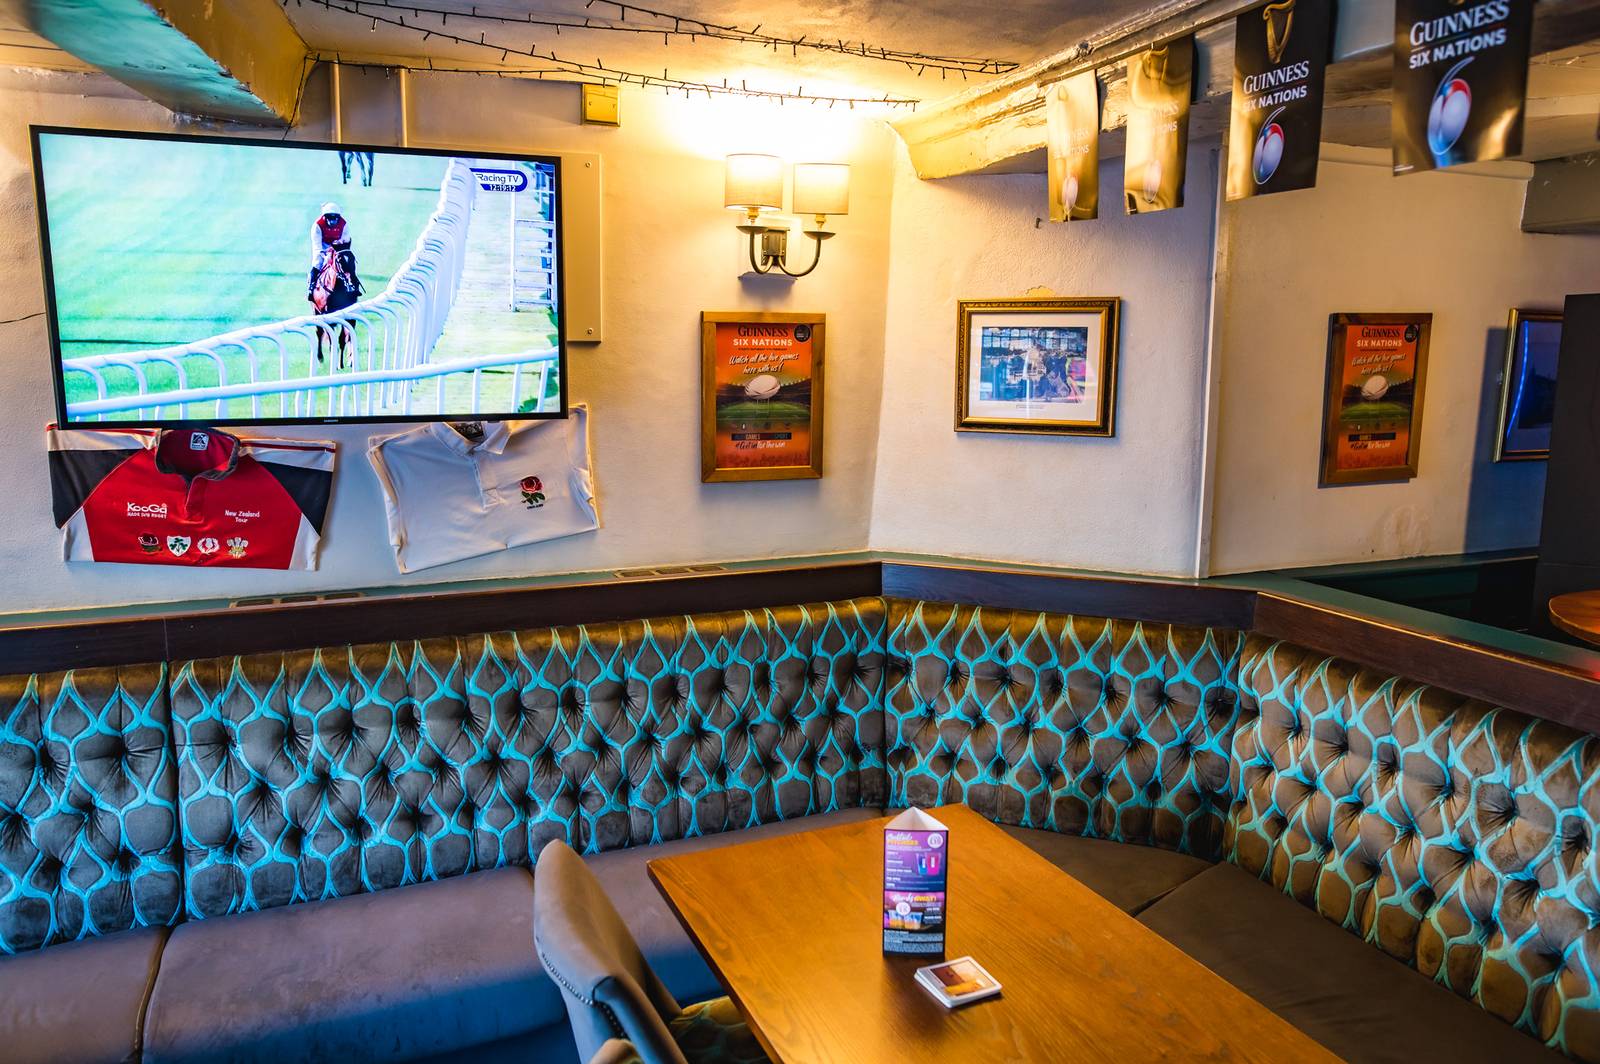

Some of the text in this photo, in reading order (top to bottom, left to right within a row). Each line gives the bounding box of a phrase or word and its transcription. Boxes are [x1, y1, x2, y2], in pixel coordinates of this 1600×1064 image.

[1410, 1, 1509, 46] GUINNESS
[1409, 28, 1507, 69] SIX NATIONS
[1243, 60, 1309, 94] GUINNESS
[1258, 85, 1308, 108] NATIONS
[475, 173, 518, 184] Racing TV
[738, 325, 789, 337] GUINNESS
[1361, 327, 1400, 337] GUINNESS
[733, 338, 793, 346] SIX NATIONS
[1356, 339, 1402, 347] SIX NATIONS
[127, 502, 167, 513] KooGa
[225, 509, 260, 518] New Zealand
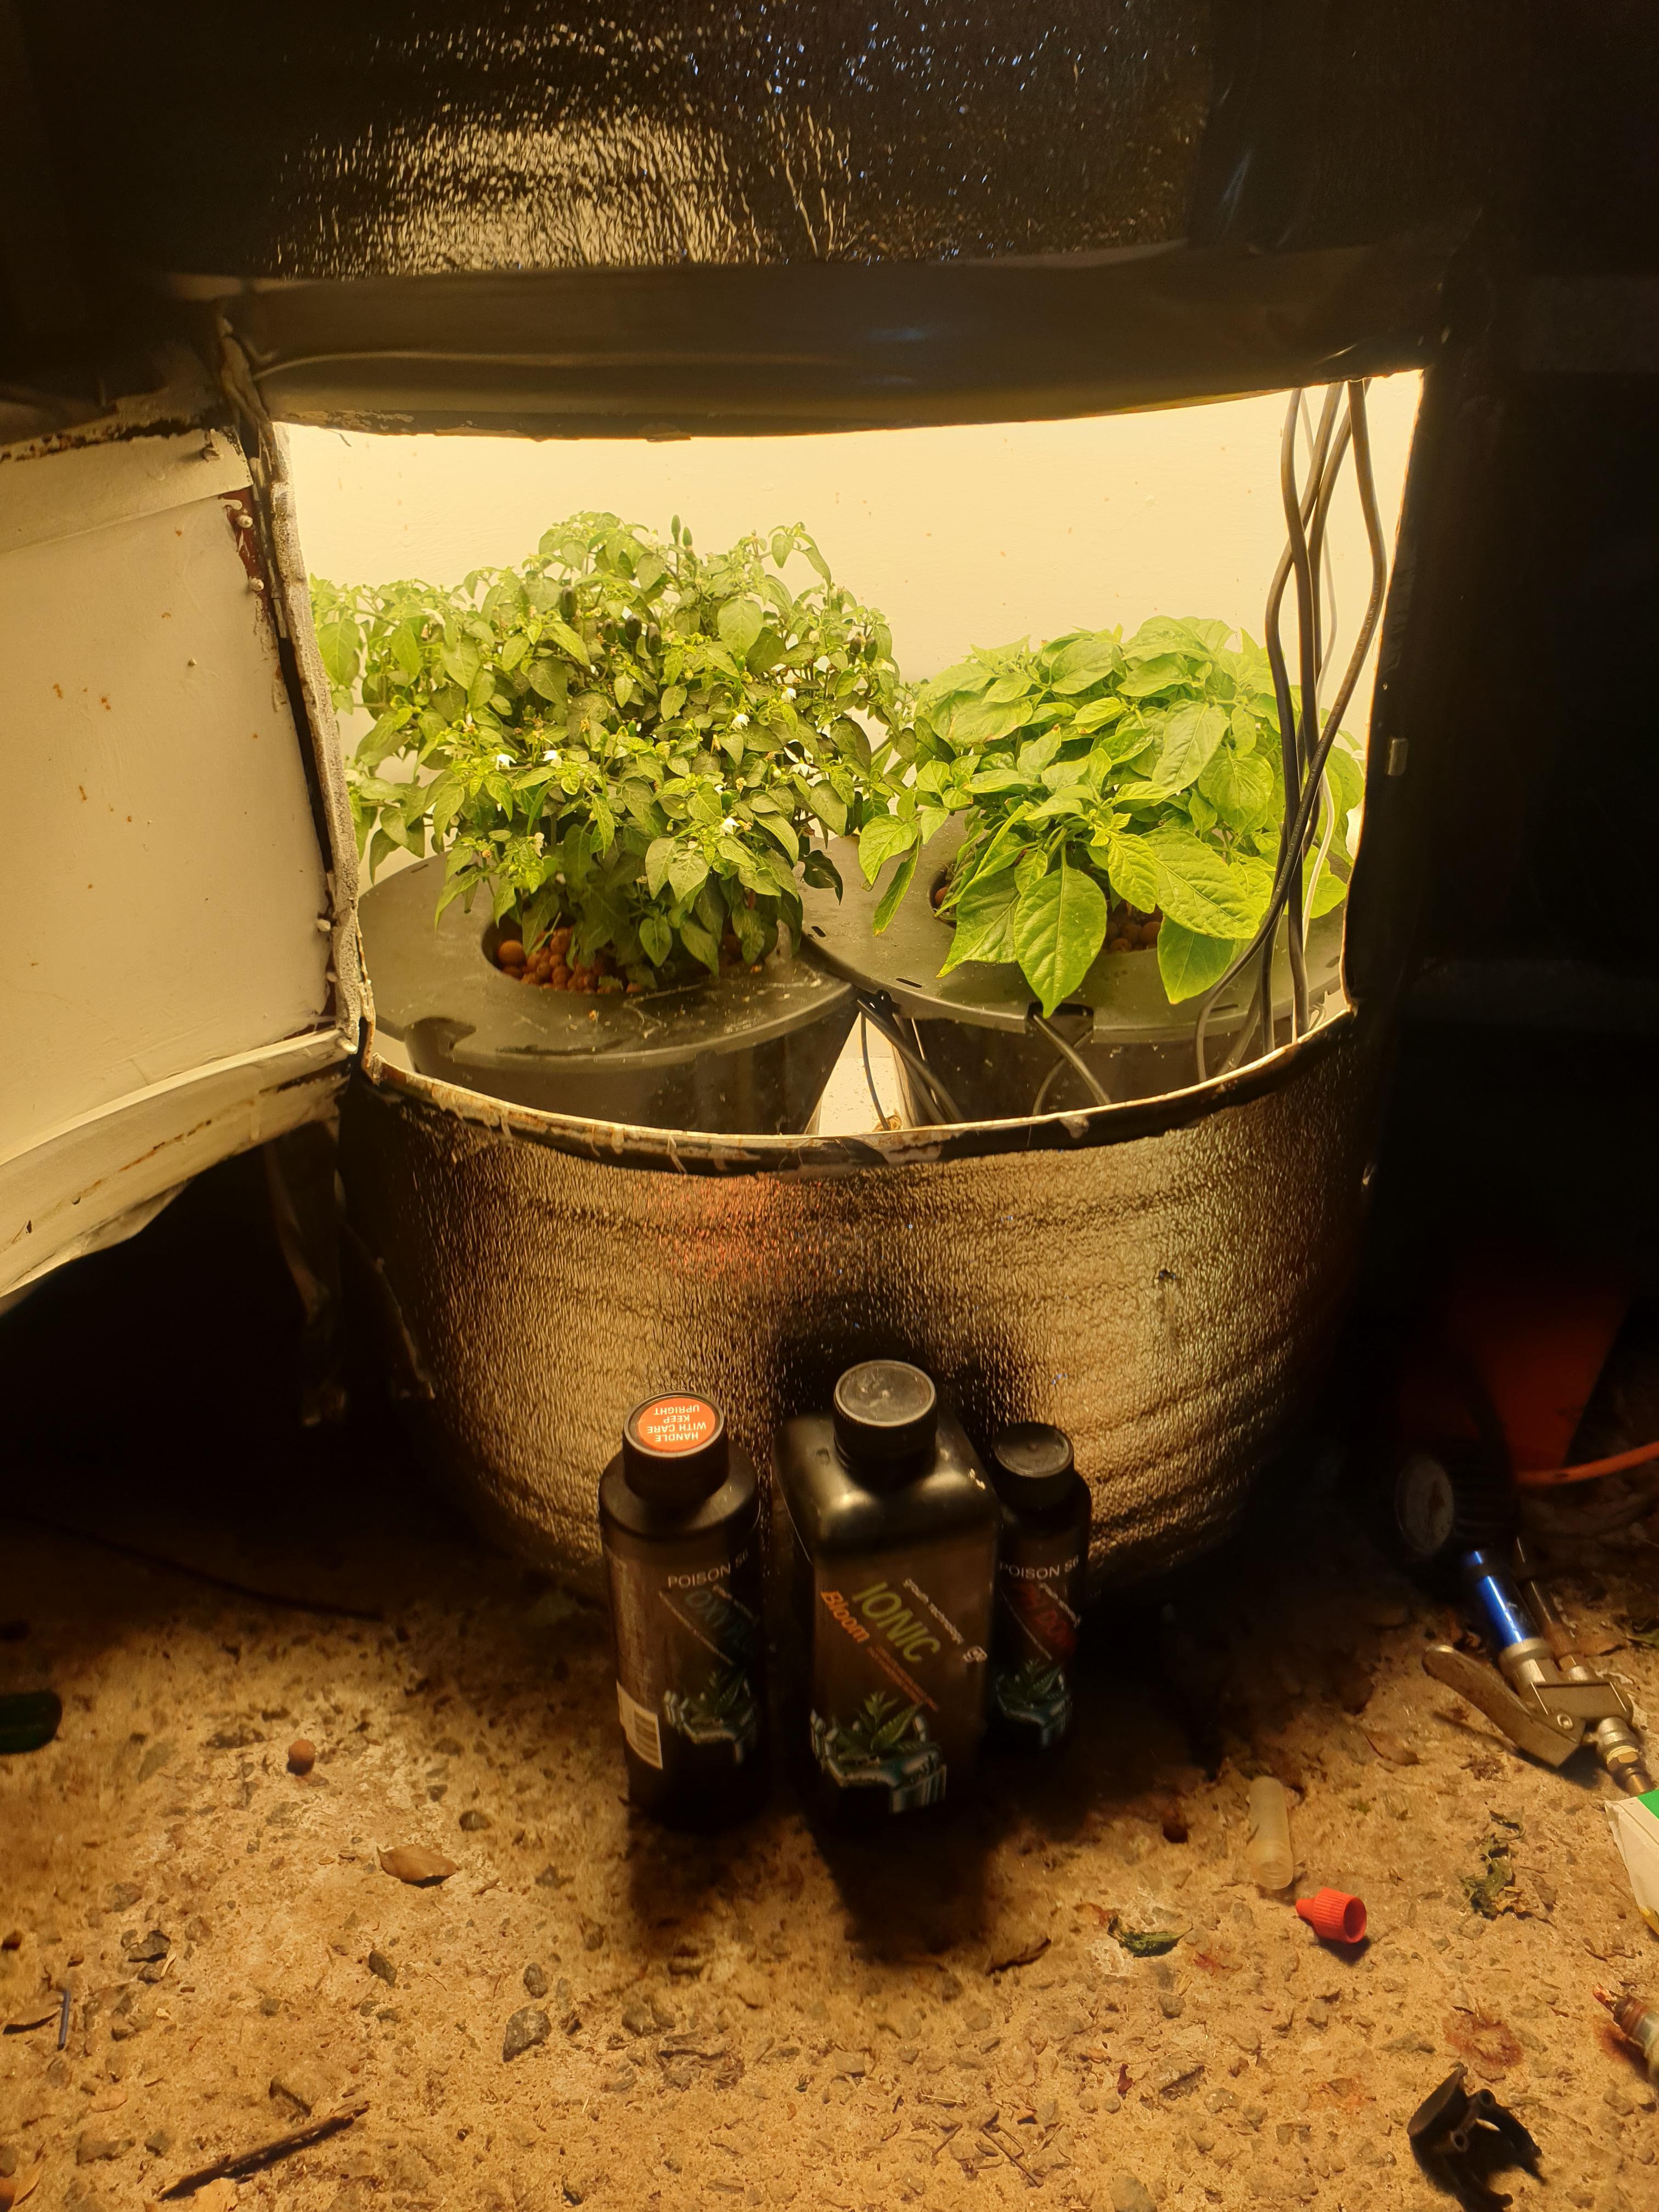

****************************************

What is required
Skipping all images, print the data above a second time exactly.

Exercise answer
Some of the text in this photo, in reading order (top to bottom, left to right within a row). Each line gives the bounding box of a phrase or word and its transcription. Boxes are [x1, y1, x2, y2], in pixel coordinates of this 1600×1064 image.

[1410, 1, 1509, 46] GUINNESS
[1409, 28, 1507, 69] SIX NATIONS
[1243, 60, 1309, 94] GUINNESS
[1258, 85, 1308, 108] NATIONS
[475, 173, 518, 184] Racing TV
[738, 325, 789, 337] GUINNESS
[1361, 327, 1400, 337] GUINNESS
[733, 338, 793, 346] SIX NATIONS
[1356, 339, 1402, 347] SIX NATIONS
[127, 502, 167, 513] KooGa
[225, 509, 260, 518] New Zealand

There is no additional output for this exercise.